お金を工面

母は女手ひとつで私を育ててくれた。離婚後から実家へ居候させてくれてる祖母に、お金を貸してくれとかお金がないと言ったようなことは全く言う気配がなかった。中学時代、一度だけ母の給与明細書を見たことがあった。二交代で働いているにも関わらず、これだけしかもらってないのかと絶句したのを今でもよく覚えている。

どうやって修学旅行のお金を工面したのかも不思議なくらい少なかった。借金は無かったように思う。それでもお金のことは気にしなくていいと、私のボロボロになったコートを買い換えてくれたり、新しい靴を買ってくれたりしていた。 

そんな母に負担をかけたくなくて、高校に入ってからは近所のコンビニでアルバイト。店長に無理を言って遅い時間まで働かせてもらってた。
そんな母と大ゲンカになったのは一度や二度ではない。

いつも楽しくて面白い母が、鬼のような形相で突っかかってくるのはやはり怖かったし、毎日お年寄りを持ち上げたりお風呂に入れたりしている介護職に就いているだけあって、腕っぷしも強かった。
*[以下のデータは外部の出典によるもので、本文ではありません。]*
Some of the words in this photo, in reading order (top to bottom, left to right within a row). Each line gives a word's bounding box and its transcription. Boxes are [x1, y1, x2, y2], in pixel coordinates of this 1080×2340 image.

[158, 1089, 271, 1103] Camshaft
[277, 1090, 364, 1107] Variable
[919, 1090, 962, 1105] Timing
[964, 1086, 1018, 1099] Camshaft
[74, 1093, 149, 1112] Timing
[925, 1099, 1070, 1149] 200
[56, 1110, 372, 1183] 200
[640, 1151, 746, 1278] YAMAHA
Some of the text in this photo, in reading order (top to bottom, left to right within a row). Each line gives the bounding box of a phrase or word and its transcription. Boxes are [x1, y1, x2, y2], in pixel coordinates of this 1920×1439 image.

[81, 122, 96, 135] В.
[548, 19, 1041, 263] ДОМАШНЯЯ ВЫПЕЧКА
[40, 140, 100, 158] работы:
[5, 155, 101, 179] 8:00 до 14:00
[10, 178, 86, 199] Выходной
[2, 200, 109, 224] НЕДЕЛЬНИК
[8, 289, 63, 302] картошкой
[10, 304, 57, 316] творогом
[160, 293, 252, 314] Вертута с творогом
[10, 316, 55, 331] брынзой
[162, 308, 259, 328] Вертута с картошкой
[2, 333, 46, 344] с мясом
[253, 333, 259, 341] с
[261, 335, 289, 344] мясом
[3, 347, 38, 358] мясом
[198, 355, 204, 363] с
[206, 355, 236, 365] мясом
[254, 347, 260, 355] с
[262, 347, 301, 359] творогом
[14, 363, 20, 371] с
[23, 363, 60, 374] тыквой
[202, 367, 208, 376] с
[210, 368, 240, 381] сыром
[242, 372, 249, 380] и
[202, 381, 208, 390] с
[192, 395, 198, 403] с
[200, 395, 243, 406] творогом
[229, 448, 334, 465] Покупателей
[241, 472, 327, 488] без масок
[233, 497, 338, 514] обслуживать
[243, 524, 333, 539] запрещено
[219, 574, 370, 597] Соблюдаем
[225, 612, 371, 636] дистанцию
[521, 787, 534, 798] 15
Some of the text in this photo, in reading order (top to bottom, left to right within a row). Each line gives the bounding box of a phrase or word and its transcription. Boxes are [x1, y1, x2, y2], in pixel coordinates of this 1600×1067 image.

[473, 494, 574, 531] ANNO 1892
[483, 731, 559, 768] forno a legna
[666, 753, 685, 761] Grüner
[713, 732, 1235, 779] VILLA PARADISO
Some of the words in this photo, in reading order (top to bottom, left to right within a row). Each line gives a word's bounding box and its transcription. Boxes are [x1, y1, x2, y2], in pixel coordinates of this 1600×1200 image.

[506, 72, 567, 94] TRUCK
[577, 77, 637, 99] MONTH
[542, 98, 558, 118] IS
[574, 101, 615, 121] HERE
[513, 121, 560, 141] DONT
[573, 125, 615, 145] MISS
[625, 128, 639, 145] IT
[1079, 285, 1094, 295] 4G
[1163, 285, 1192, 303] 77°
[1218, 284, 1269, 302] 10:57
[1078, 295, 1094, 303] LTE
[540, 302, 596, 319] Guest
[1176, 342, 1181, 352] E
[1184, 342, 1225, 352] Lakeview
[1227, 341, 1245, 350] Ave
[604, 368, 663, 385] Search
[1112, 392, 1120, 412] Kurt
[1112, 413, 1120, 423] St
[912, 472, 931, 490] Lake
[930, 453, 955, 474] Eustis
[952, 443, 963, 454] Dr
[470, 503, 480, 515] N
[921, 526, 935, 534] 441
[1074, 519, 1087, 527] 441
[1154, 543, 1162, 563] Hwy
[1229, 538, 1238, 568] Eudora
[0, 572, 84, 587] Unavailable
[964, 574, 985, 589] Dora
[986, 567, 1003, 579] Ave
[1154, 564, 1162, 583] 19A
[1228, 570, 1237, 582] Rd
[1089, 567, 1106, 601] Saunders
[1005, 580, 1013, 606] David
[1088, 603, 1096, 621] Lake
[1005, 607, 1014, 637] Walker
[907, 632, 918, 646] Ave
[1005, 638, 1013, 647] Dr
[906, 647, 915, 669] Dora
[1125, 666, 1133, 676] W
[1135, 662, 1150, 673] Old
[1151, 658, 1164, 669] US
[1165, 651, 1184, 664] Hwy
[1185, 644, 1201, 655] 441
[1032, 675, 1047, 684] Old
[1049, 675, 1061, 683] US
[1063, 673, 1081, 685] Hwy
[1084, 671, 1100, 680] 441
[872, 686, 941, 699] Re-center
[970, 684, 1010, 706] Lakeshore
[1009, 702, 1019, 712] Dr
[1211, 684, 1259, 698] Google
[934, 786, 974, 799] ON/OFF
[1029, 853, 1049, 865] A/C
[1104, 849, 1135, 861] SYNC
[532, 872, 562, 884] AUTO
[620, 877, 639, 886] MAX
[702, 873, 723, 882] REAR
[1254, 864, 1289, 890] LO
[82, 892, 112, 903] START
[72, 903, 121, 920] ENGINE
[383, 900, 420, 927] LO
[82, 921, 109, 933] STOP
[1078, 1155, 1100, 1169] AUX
でもこちらも剣道部の主将をやっていたし、高校に入ってからは柔道の授業なんかもあったので、力では負けていなかったが、口が達者な母に口ゲンカではなかなか勝てなかった。腹が立って屁理屈をこねると、母に頭を叩かれ、ヒートアップすると蹴られ、私の方も抵抗して柔道の授業で習った技をかけたり…。

でも、ちゃんと喧嘩が終われば仲直りをして、妥協点を見つけて過ごすことができた。
喧嘩内容は大体部活のことやバイトのこと、友達関係のこと。